Рассчитавшись с «бомбилой», Иван Сергеевич закинул за спину рыжий рюкзак с потёртыми до скользкой черноты лямками, взял в левую руку зачехлённую «тозку», в правую – щегольский кожаный поводок, к которому была пристёгнута стальным карабином лайка, и неспешно двинулся по скользкому глинистому склону к мостку. На самой середине его Бьянка вдруг остановилась – каменно. Нет, её не испугал бегущий под нею речной поток. Лайка подняла белоснежную морду вверх, к небу, и слышно, несколько раз потянула влажной подушечкой носа. Этот воздух… Вольный, дикий, полный запахов речной влаги и только что освободившейся от снега земли, низко стелющегося печного дыма, тепло пахнувшего наземом хлева буквально обездвижил растерявшуюся Бьянку. Она дышала, упивалась им, чуя одновременно и порознь такие разные составляющие его запахи. Ей хотелось запомнить навсегда этот широкий, разный, пробирающий холодом северный воздух.
Но Иван Сергеевич сильно потянул за поводок и строго скомандовал лайке следовать дальше.
Хозяйство дяди Николая стояло последним в череде тёмных северных дворов – на отлёте, возле невысоких, покрытых рыжим перепревшим травьём холмов, за которыми близко начиналась архангельская тайга – глухая, тёмная.
Дядя Николай появился на этой земле шестьдесят лет тому назад, вскоре после войны, когда маманя, со всем своим нехитрым скарбом, переселилась сюда с благодатных ташкентских земель. И хотя в ту пору дядя Николай числился ещё голожопым мальцом и, уж конечно, ни черта не соображал во внешней и внутренней политике государства, вырос он, и по сей день живёт, с непроходящей, жгучей, словно палёная водка, обидой на родное государство. Вот уж пятнадцать лет как лежит его маманя на дальнем погосте, под разлапистой, тяжелеющей оранжевыми гроздьями рябиной, а в дяде Николае всё не проходит ноющая, как застарелая болячка, обида. Должно быть, перетекла она к нему со словами маманиных воспоминаний, с редкими её слезами, с фотографиями многочисленной родни, что в лихие годы коллективизации, а затем войны рассыпалась, рассеялась по земле, как дорожная пыль на ветру. А уж от самого дяди Николая эта обида передалась и его жене Ольге, и дочке их единственной Маруське, что проживает в районном центре в двух часах езды от Астахино и по этой причине с деревенскими родственниками общается не часто. При своей, можно сказать, генетической неприязни к власти, политические воззрения дяди Николая представляют совершеннейший винегрет: источая ядовитые фимиамы в сторону Ильича, он в то же время воет осанну товарищу Сталину. В Перестройку лоб расшибал в молитвах за здравие дорогого народного освободителя Михаила Сергеевича, а позже на всех углах проклинал алкоголика Бориса Николаевича. Нынешних же управителей – при полных теперь, разрешённых вроде бы Перестройкой свободах – он и вовсе ни во что не ставит. Лишь ухмылялся презрительно и, подсобрав в ноздре соплю, смачно выстреливает ею по адресу.
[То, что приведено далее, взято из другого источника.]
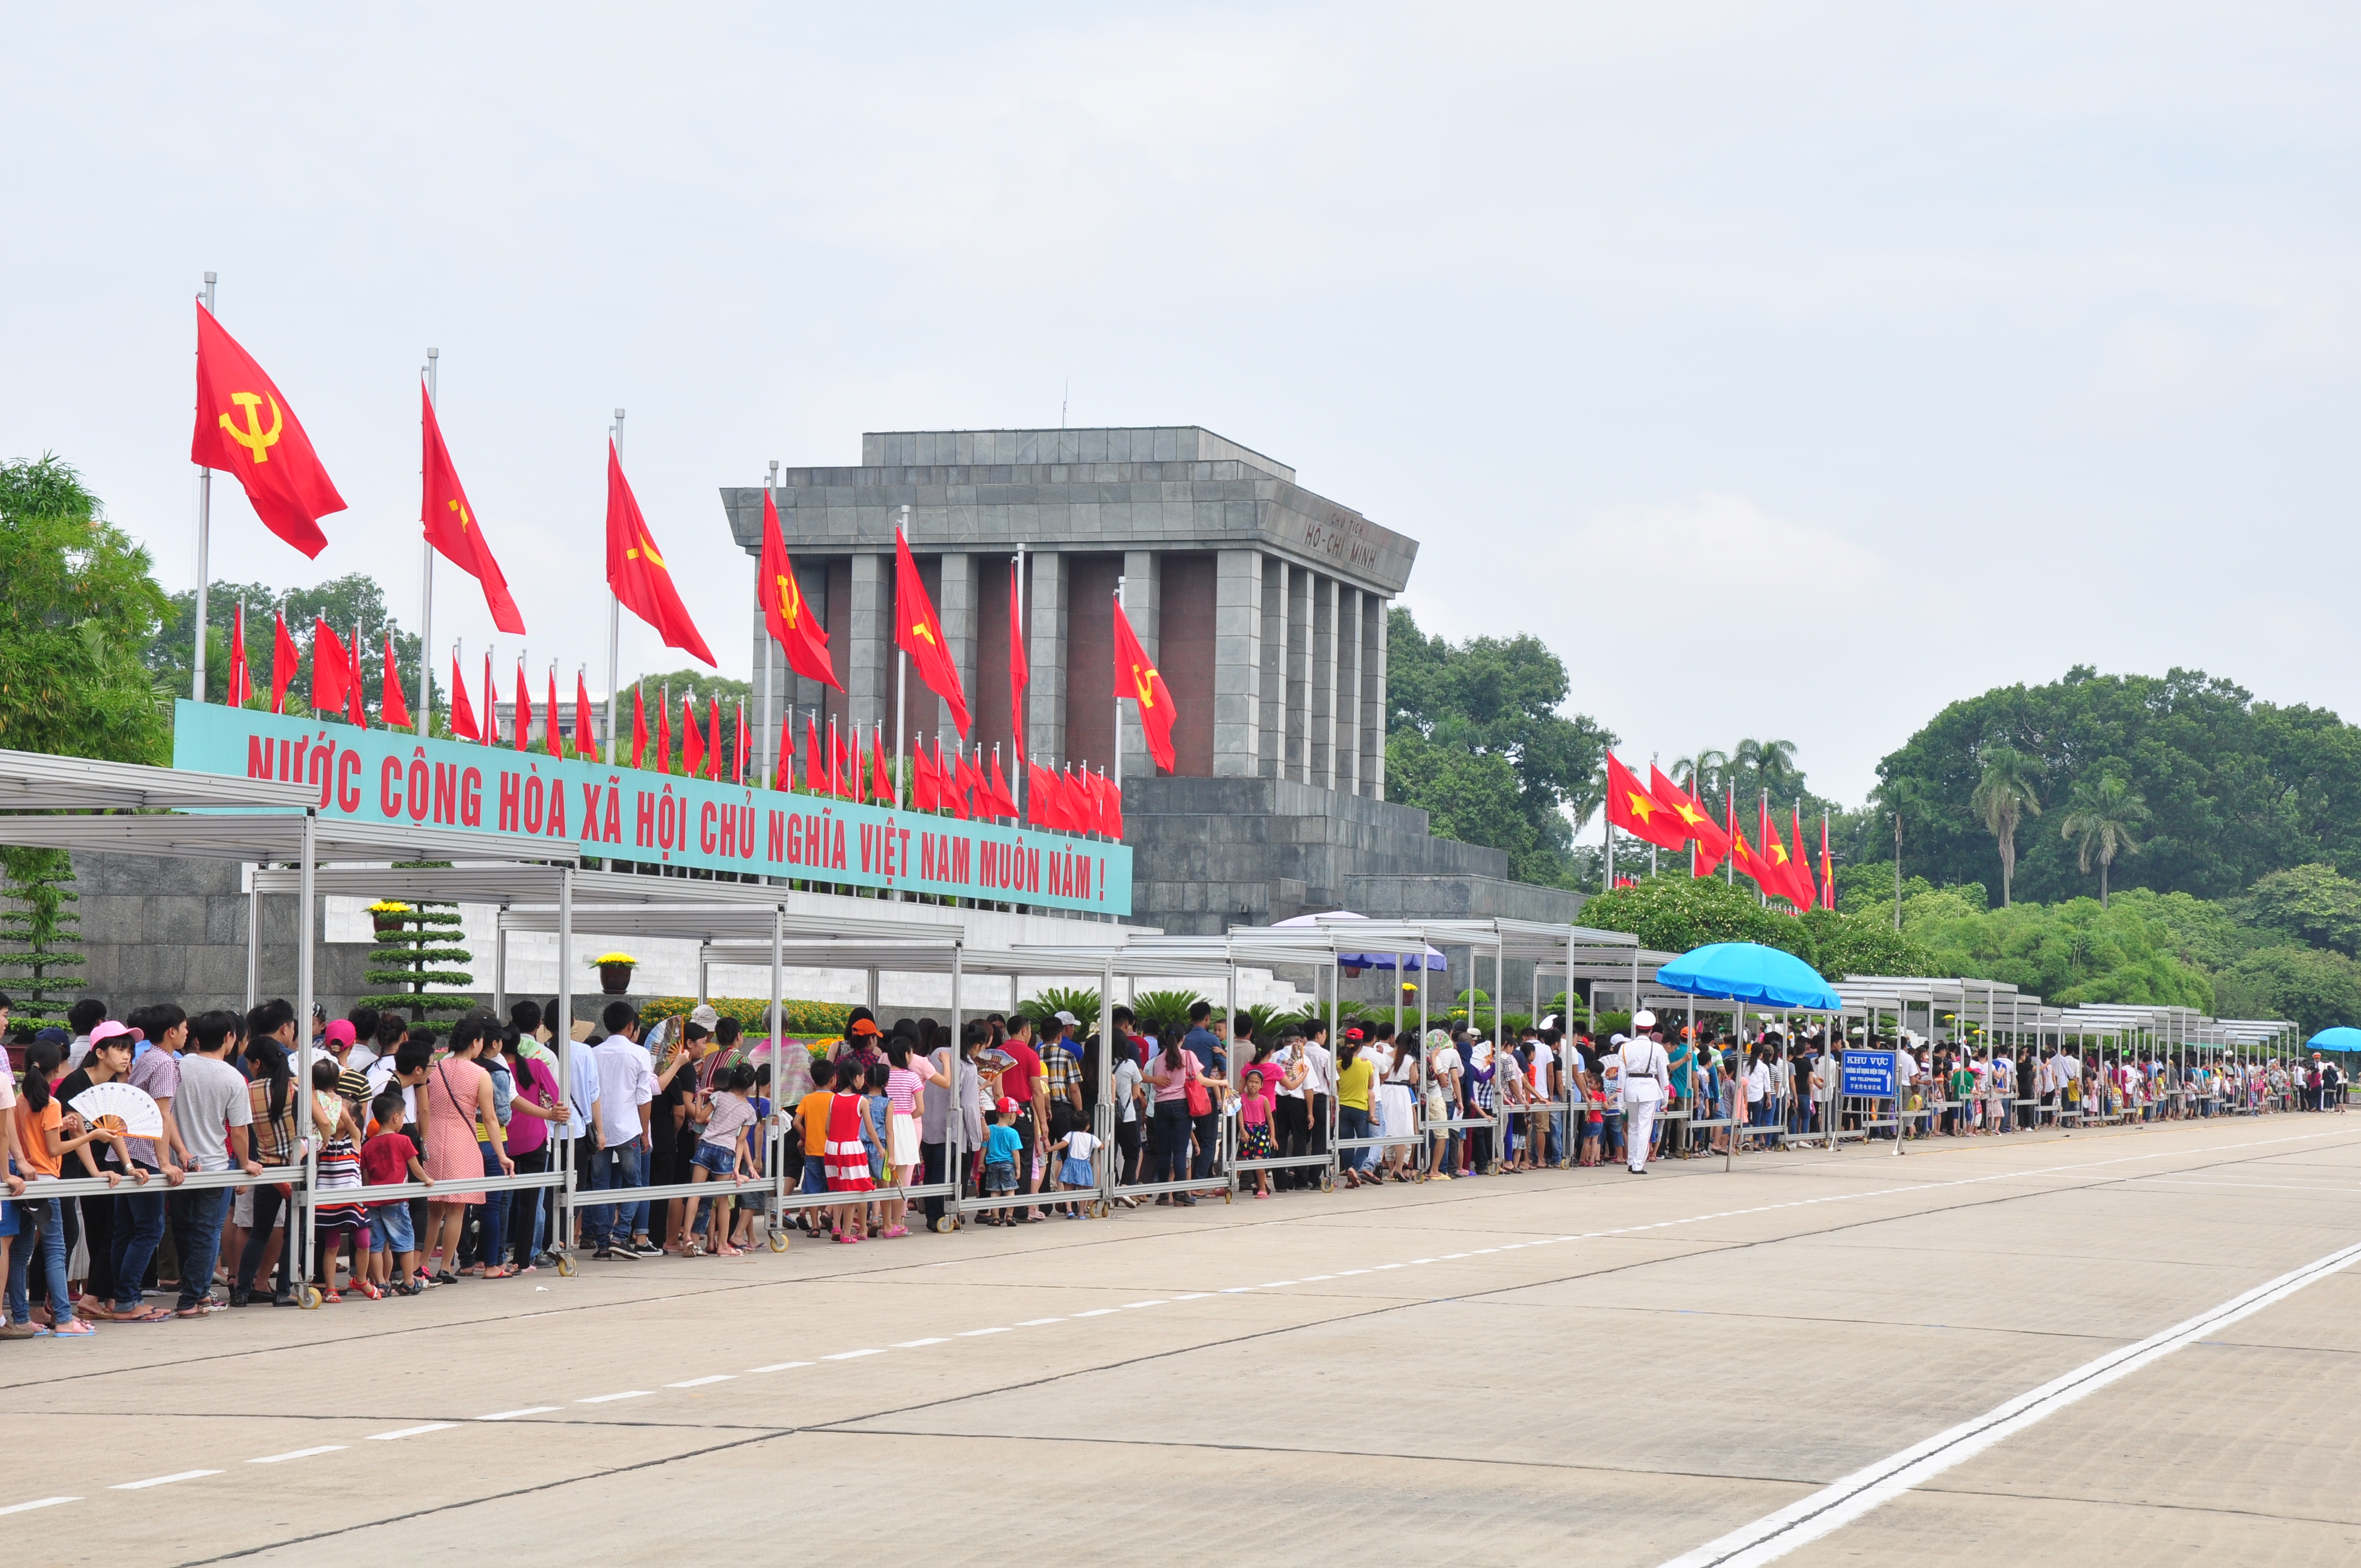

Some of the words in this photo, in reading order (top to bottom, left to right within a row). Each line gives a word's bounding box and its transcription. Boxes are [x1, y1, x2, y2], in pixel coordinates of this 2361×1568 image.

[248, 732, 361, 813] NƯỚC
[381, 747, 482, 827] CỘNG
[499, 763, 566, 837] HÒA
[581, 775, 622, 843] XÃ
[637, 783, 687, 860] HỘI
[700, 790, 755, 859] CHỦ
[768, 807, 846, 870] NGHĨA
[860, 816, 910, 885] VIỆT
[921, 831, 970, 885] NAM
[980, 836, 1040, 893] MUÔN
[1048, 843, 1091, 900] NĂM
[1870, 1057, 1889, 1066] VỰC
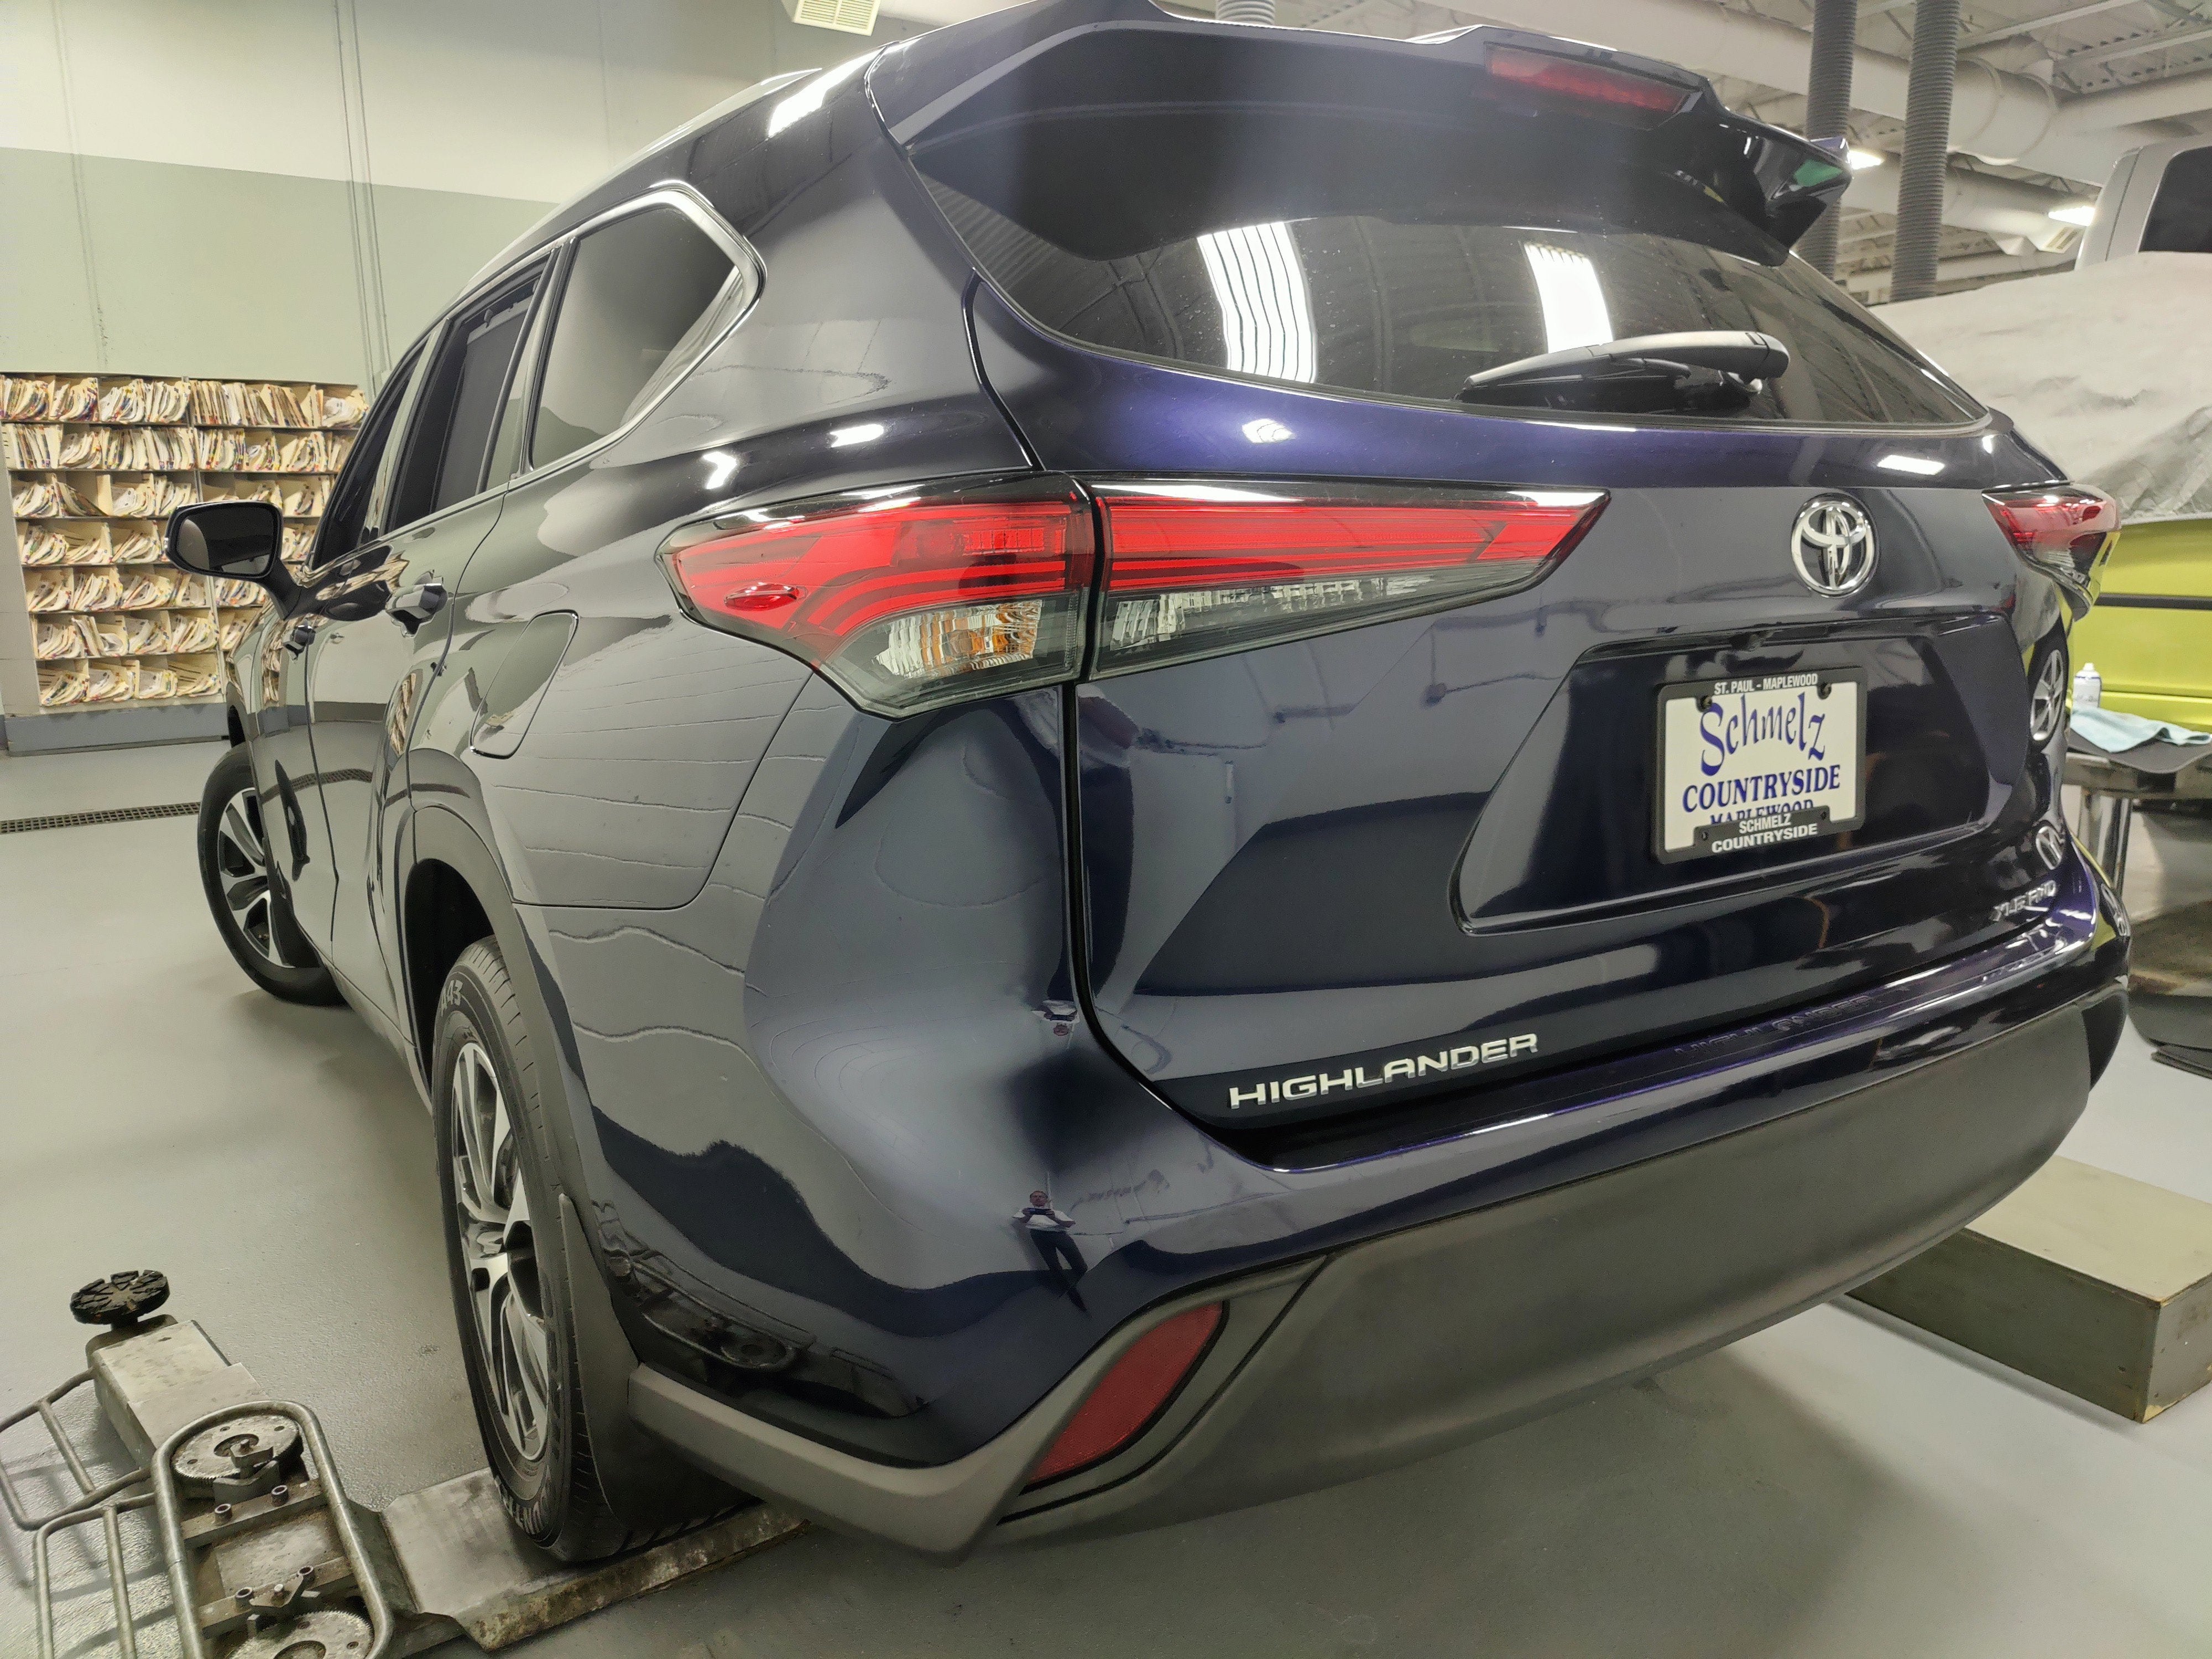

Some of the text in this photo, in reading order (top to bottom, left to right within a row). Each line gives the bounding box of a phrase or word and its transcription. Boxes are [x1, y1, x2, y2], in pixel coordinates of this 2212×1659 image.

[1714, 682, 1729, 695] ST.
[1730, 680, 1755, 693] PAUL
[1762, 673, 1818, 690] MAPLEWOOD
[1699, 691, 1826, 776] Schmelz
[1682, 764, 1840, 813] COUNTRYSIDE
[1712, 823, 1818, 853] COUNTRYSIDE
[1739, 813, 1792, 834] SCHMELZ
[1228, 1033, 1539, 1109] HIGHLANDER
Спорить с дядей Николаем о политике да о нынешней крестьянской доле можно до Кондратия. Тем более, если спор этот – по нынешним обособленным крестьянским временам – случается за обильным, щедрым застольем и подкрепляется тушённым в русской печи зайцем, хрусткими огурчиками со смородиновым листом, лепестками розового, от собственного порося, сала и конечно же непременной флягой самогона, настоянного на былинках зверобоя, душицы и мятлика. Диспут этот политический (и доктор Форстер не раз был тому свидетелем) мог закончиться глубоко за полночь, с непременным битьём имущества во хмелю, рваными рубахами, визгом попавшей под ноги домашней живности и долгих, на несколько дней, обид.